EXERCISE - If an entry includes an image, drop the image and copy the rest verbatim.

SUPPLIED RECORDS -
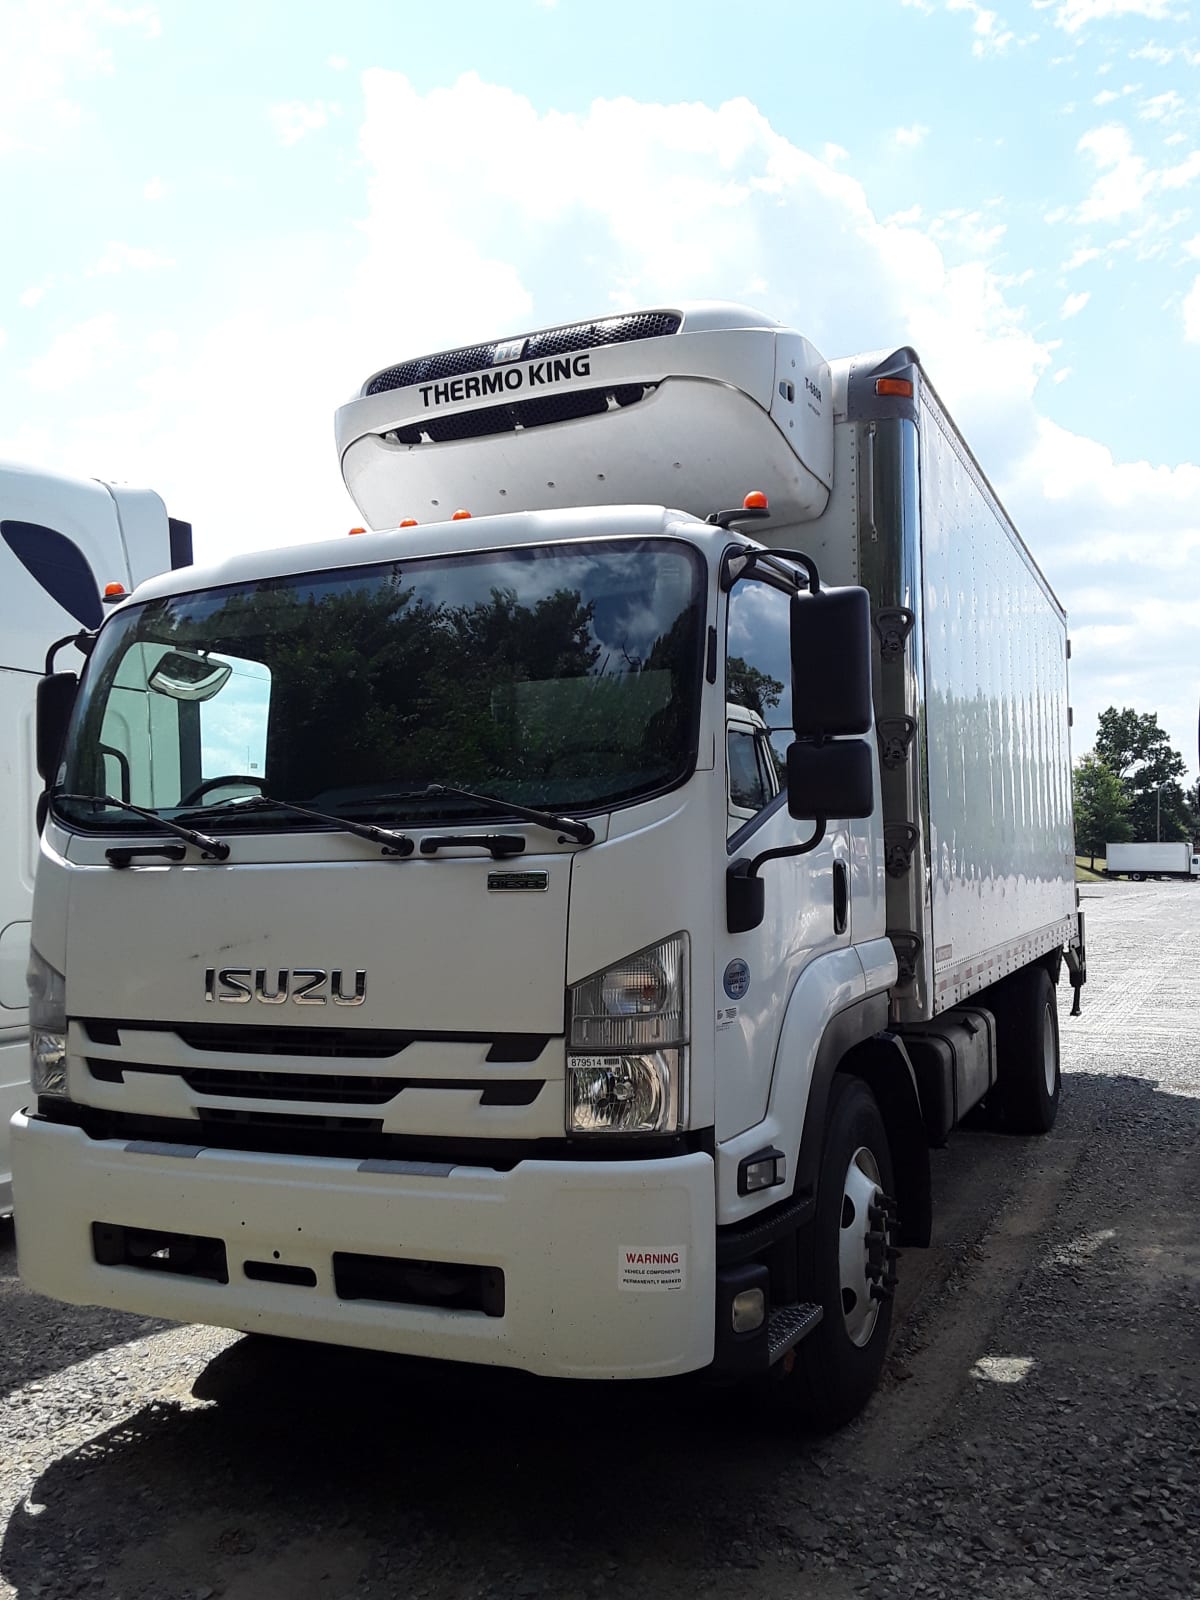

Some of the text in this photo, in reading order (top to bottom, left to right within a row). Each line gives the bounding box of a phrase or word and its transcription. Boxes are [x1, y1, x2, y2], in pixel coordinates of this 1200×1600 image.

[418, 354, 591, 407] THERMO KING
[205, 967, 367, 1006] ISUZU
[571, 1058, 602, 1067] 879514
[625, 1252, 679, 1265] WARNING

RESULT -
Some of the text in this photo, in reading order (top to bottom, left to right within a row). Each line gives the bounding box of a phrase or word and its transcription. Boxes are [x1, y1, x2, y2], in pixel coordinates of this 1200×1600 image.

[418, 354, 591, 407] THERMO KING
[205, 967, 367, 1006] ISUZU
[571, 1058, 602, 1067] 879514
[625, 1252, 679, 1265] WARNING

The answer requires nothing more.